El médico forense Pablo Lemir confirmó que los dos agentes asesinados durante el ataque al Puesto Policial N.° 4 de la colonia Naranjito, en el distrito de Ybyrarobaná, departamento de Canindeyú, fueron ejecutados tras recibir disparos a corta distancia. Las conclusiones de la autopsia constituyen un elemento clave para la investigación penal, mientras las autoridades analizan la posible participación del Ejército del Pueblo Paraguayo (EPP) en el atentado.
¿Qué reveló la autopsia practicada a los policías asesinados?
El primer examen correspondió al suboficial Herminio Ojeda González, de 33 años, quien recibió dos impactos de bala. De acuerdo con el informe del forense, uno de los proyectiles ingresó por la espalda, mientras que el disparo fatal fue realizado directamente dentro de la boca.
Lemir explicó que la presencia de ahumamiento en la lengua y el paladar duro demuestra que el arma fue introducida en la cavidad bucal antes de ser accionada.
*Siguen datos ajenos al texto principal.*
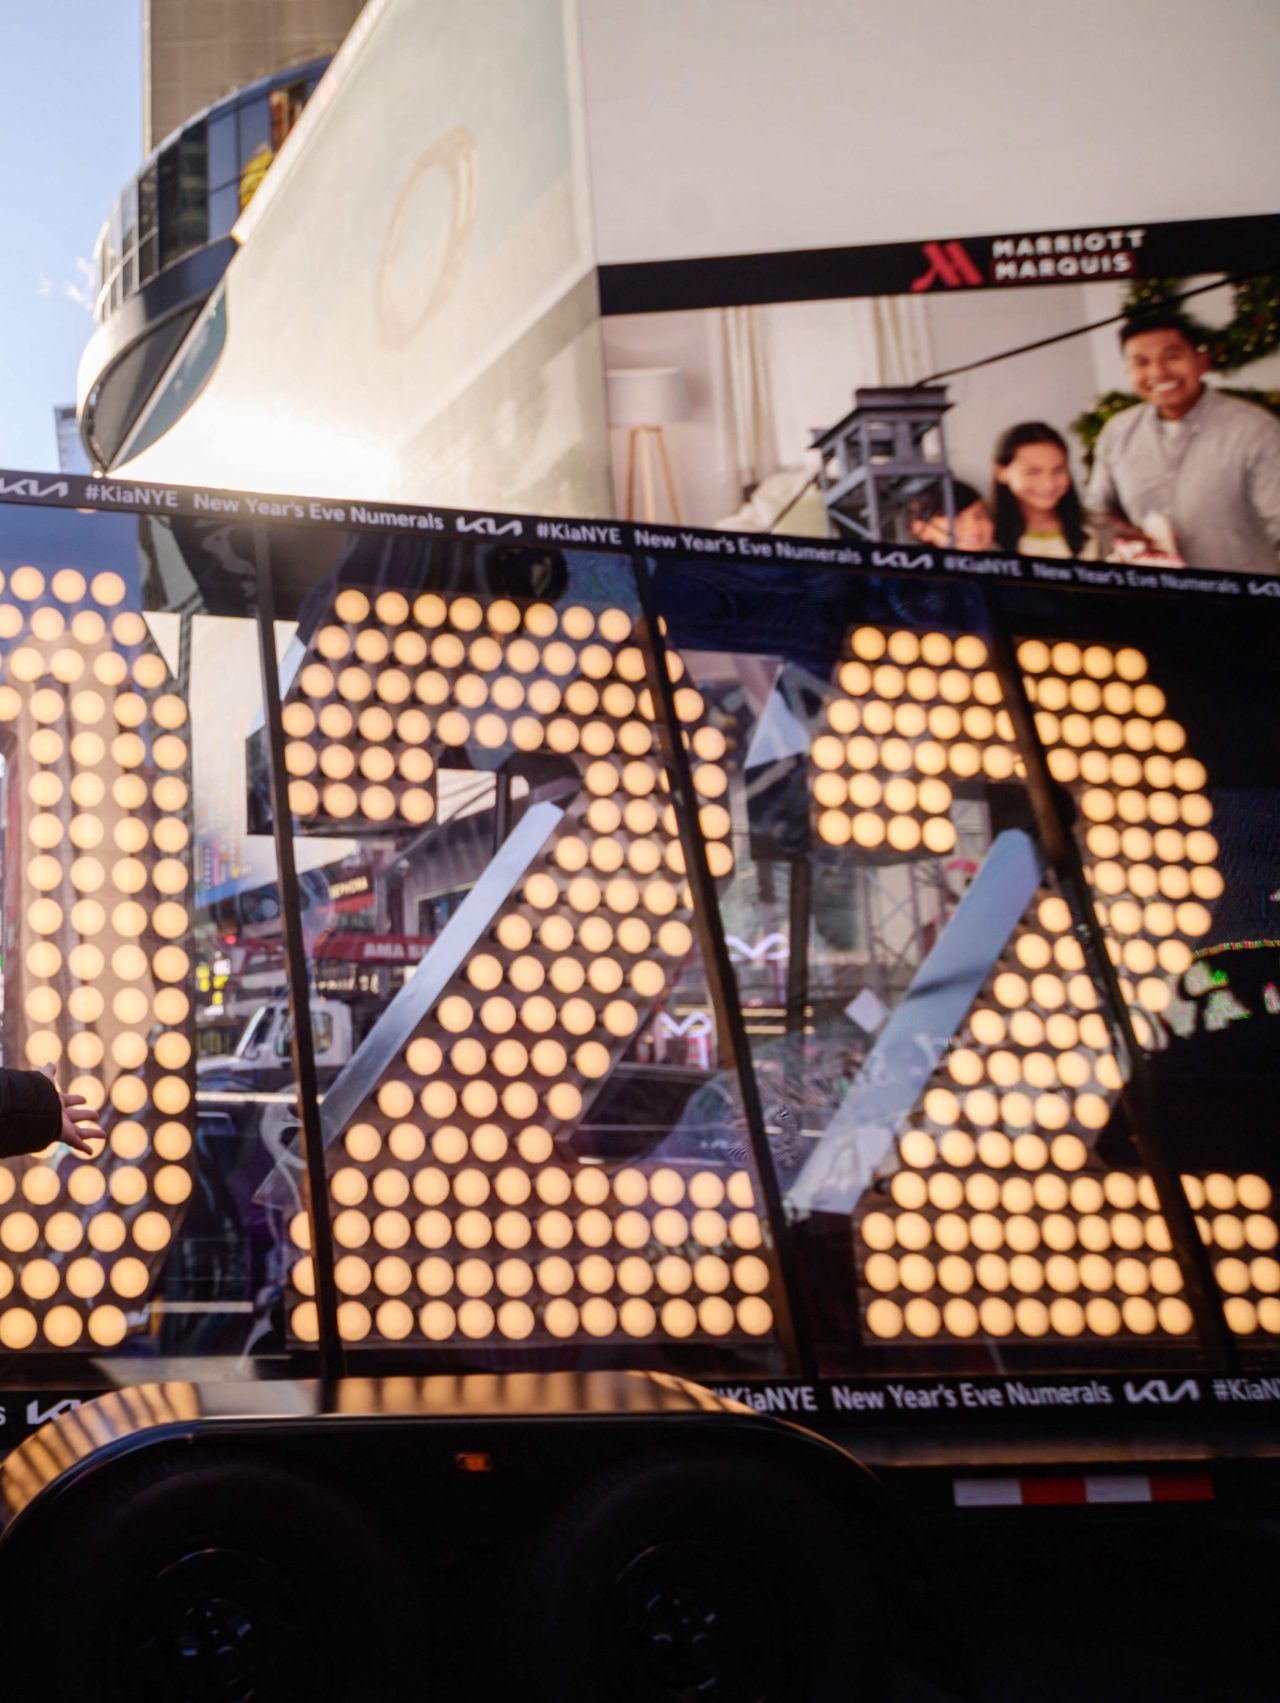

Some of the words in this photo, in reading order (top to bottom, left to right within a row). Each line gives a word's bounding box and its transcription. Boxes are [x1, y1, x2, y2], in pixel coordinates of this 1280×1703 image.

Esa evidencia balística permitió establecer que no se trató de un disparo efectuado a distancia, sino de una ejecución a muy corta distancia.
¿Cómo murió el segundo agente durante el ataque?
La autopsia también determinó que el suboficial Atilio Martínez Barrios, de 40 años, sufrió dos heridas de arma de fuego.
Según el informe médico, el primer proyectil ingresó por la región axilar derecha con trayectoria de derecha a izquierda y de arriba hacia abajo, provocando lesiones en ambos pulmones y en la aurícula derecha del corazón. Posteriormente recibió un disparo en la cabeza, con orificio de entrada y salida.
Para el especialista, la secuencia de las lesiones confirma que la víctima fue rematada cuando ya se encontraba gravemente herida.
¿Por qué el forense sostiene que se trató de ejecuciones?
Durante la presentación de los resultados, Pablo Lemir fue categórico al señalar que las características de las heridas no dejan margen para otra interpretación.
«Estamos hablando obviamente de una ejecución», afirmó el médico forense.
La conclusión adquiere relevancia dentro de la investigación porque aporta elementos técnicos que ayudan a reconstruir la dinámica del ataque y podrían orientar las diligencias del Ministerio Público y de los organismos de seguridad.
Las autoridades mantienen abiertas varias líneas investigativas para identificar a los responsables del atentado, considerado uno de los episodios más violentos registrados este año contra efectivos policiales en el norte del país.
¿Qué se sabe sobre la tercera víctima del ataque?
Además de los dos suboficiales, durante el ataque perdió la vida Josemar Escobar Piris, de 37 años, funcionario del puesto policial.
Lemir informó que la autopsia del civil será realizada durante la mañana de este jueves, procedimiento que permitirá establecer con precisión la causa de muerte y aportar nuevos elementos al expediente fiscal.
Mientras avanzan las pericias, el caso continúa bajo investigación en medio del despliegue de fuerzas de seguridad en Canindeyú, donde las autoridades buscan esclarecer completamente el ataque y determinar la responsabilidad de sus autores.
¿Cómo impactan los hallazgos forenses en la investigación del caso?
Las conclusiones de la autopsia refuerzan la hipótesis de que los agresores actuaron con un patrón de violencia dirigido a ejecutar a las víctimas, un elemento que podría influir en la calificación jurídica de los hechos y en las futuras imputaciones.
Al mismo tiempo, los informes médico-legales se convierten en evidencia científica relevante para el trabajo conjunto del Ministerio Público, la Policía Nacional y los equipos especializados que investigan el atentado, mientras continúa el análisis sobre la eventual participación de grupos criminales o insurgentes en el ataque ocurrido en Naranjito.